## [PROBLEM STATEMENT]
Below are records to repeat exactly. Omit the pictures from the copy.

## [SOURCE DATA]

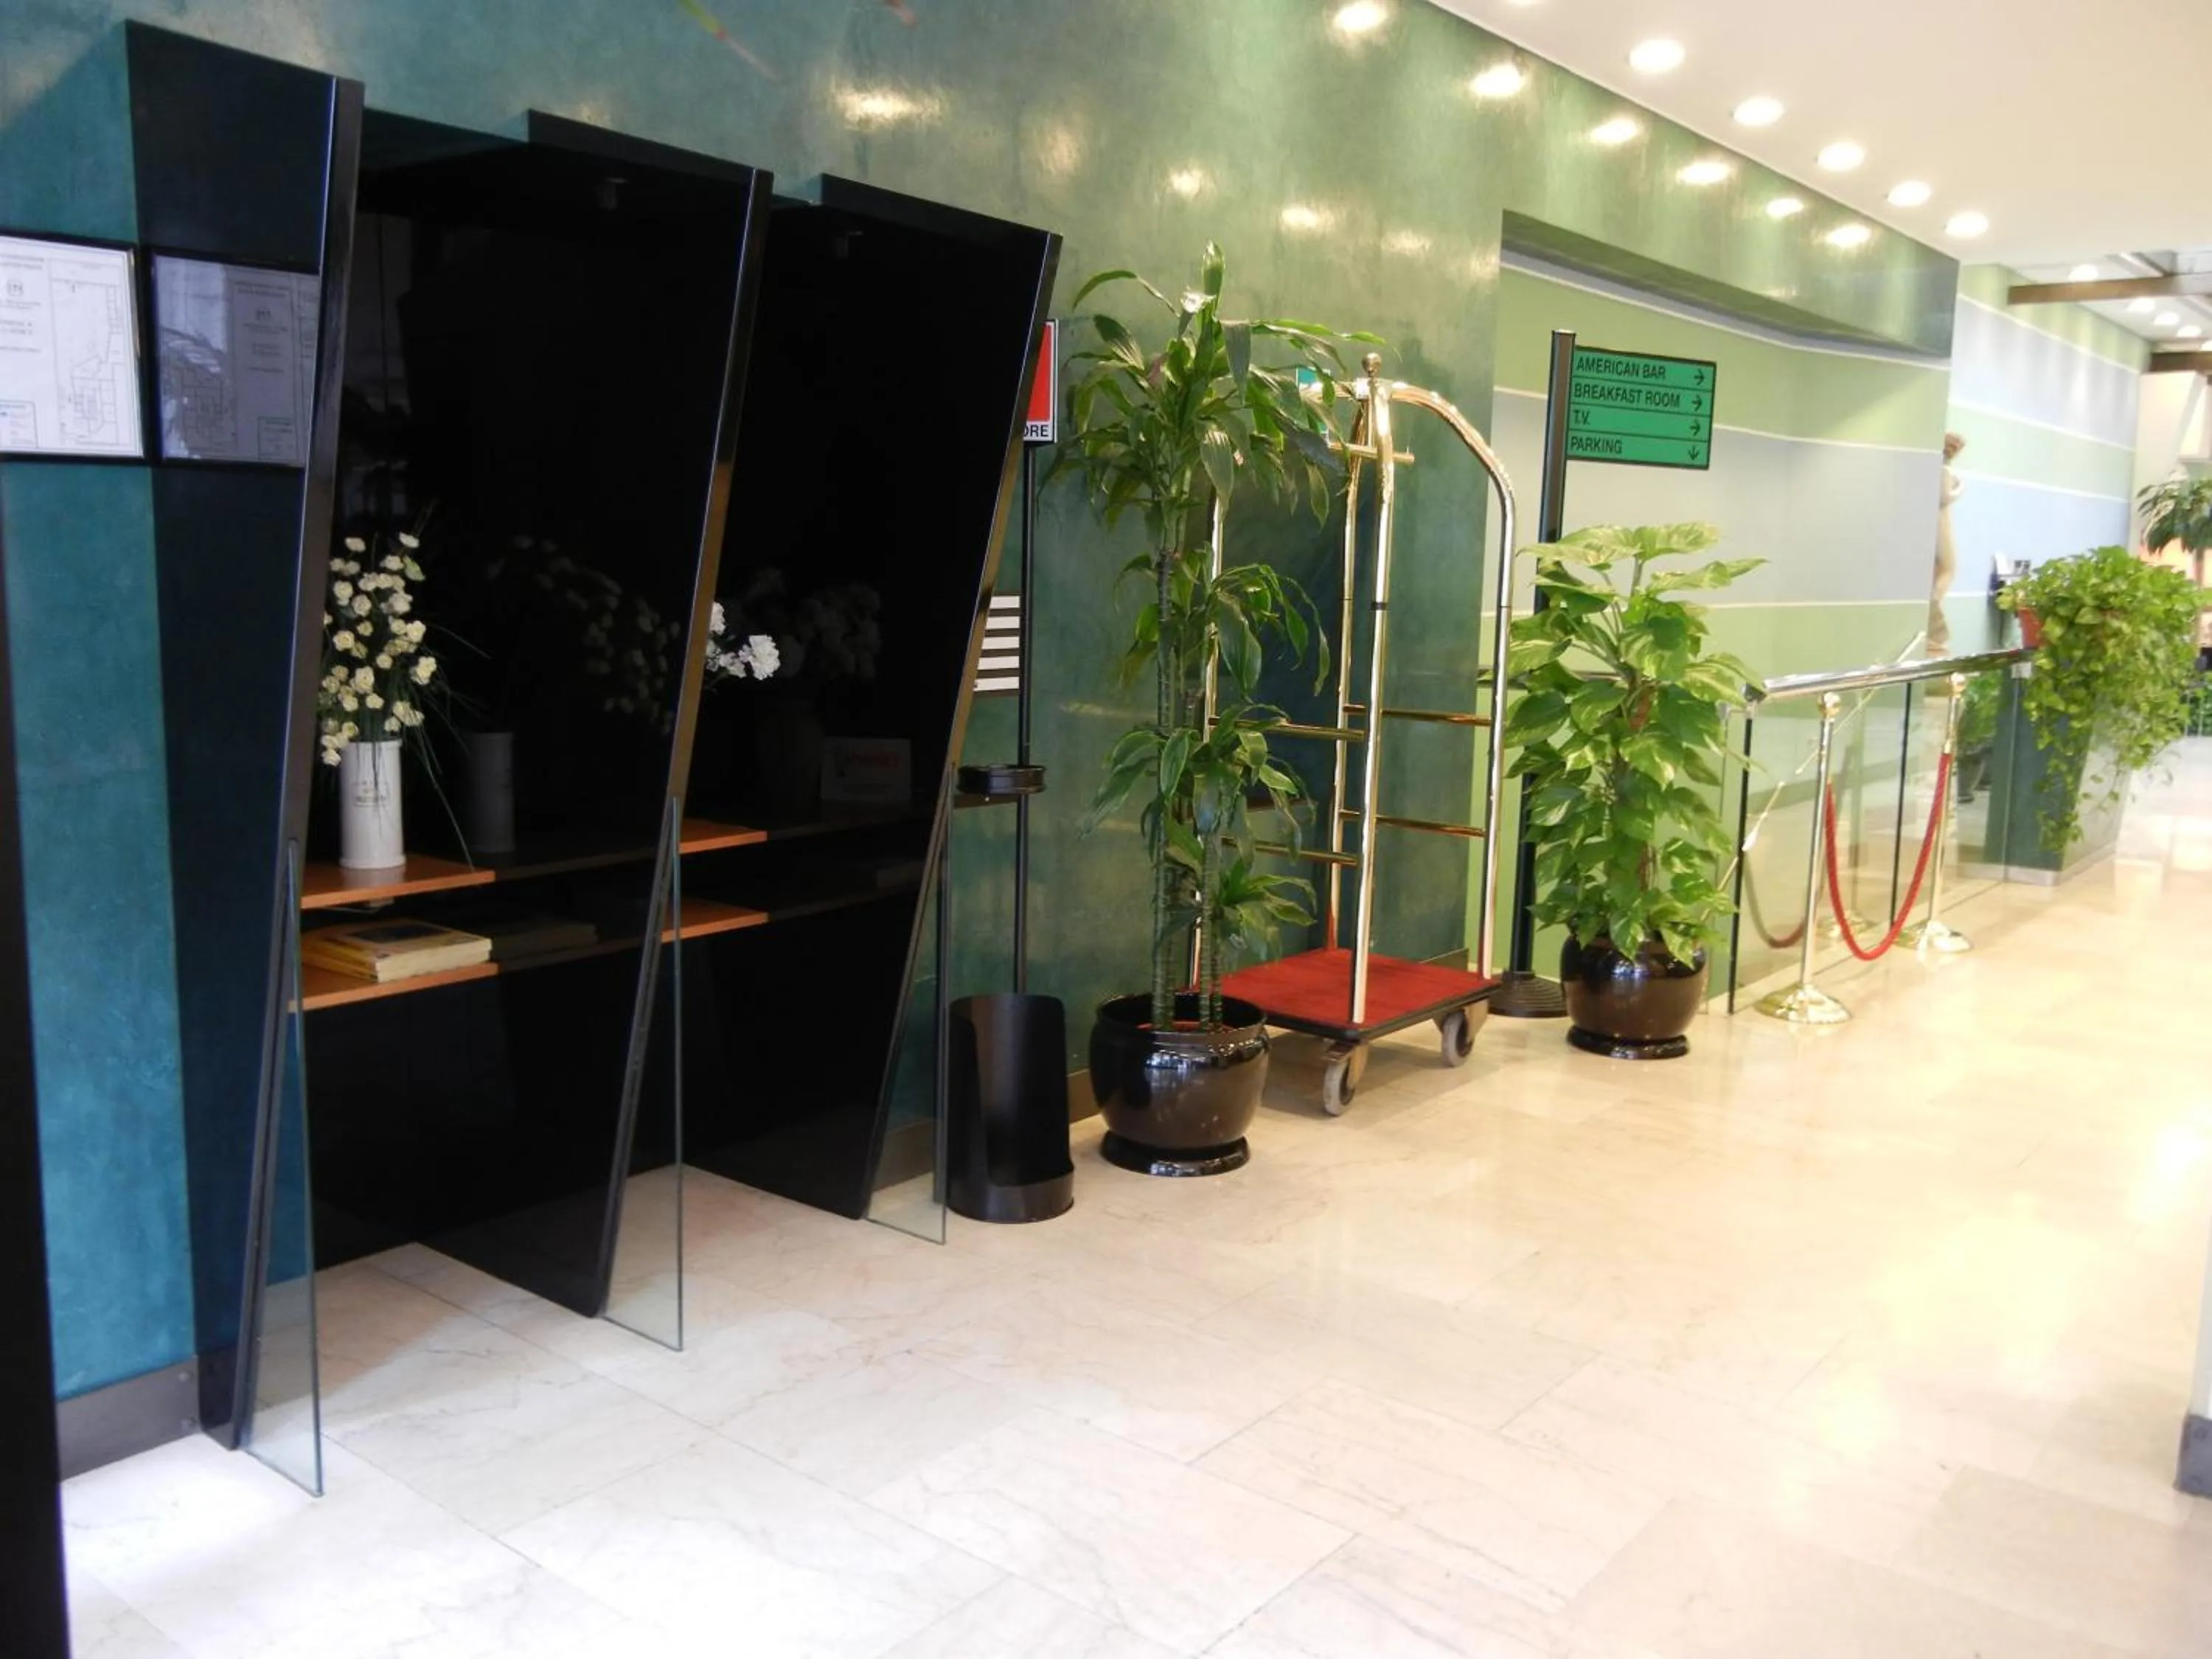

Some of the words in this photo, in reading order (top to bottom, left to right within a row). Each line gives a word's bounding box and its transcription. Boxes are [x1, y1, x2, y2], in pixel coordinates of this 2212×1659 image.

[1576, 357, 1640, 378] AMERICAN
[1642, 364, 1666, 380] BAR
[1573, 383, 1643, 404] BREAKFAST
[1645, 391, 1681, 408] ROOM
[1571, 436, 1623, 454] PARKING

## [YOUR RESPONSE]
Some of the words in this photo, in reading order (top to bottom, left to right within a row). Each line gives a word's bounding box and its transcription. Boxes are [x1, y1, x2, y2], in pixel coordinates of this 2212×1659 image.

[1576, 357, 1640, 378] AMERICAN
[1642, 364, 1666, 380] BAR
[1573, 383, 1643, 404] BREAKFAST
[1645, 391, 1681, 408] ROOM
[1571, 436, 1623, 454] PARKING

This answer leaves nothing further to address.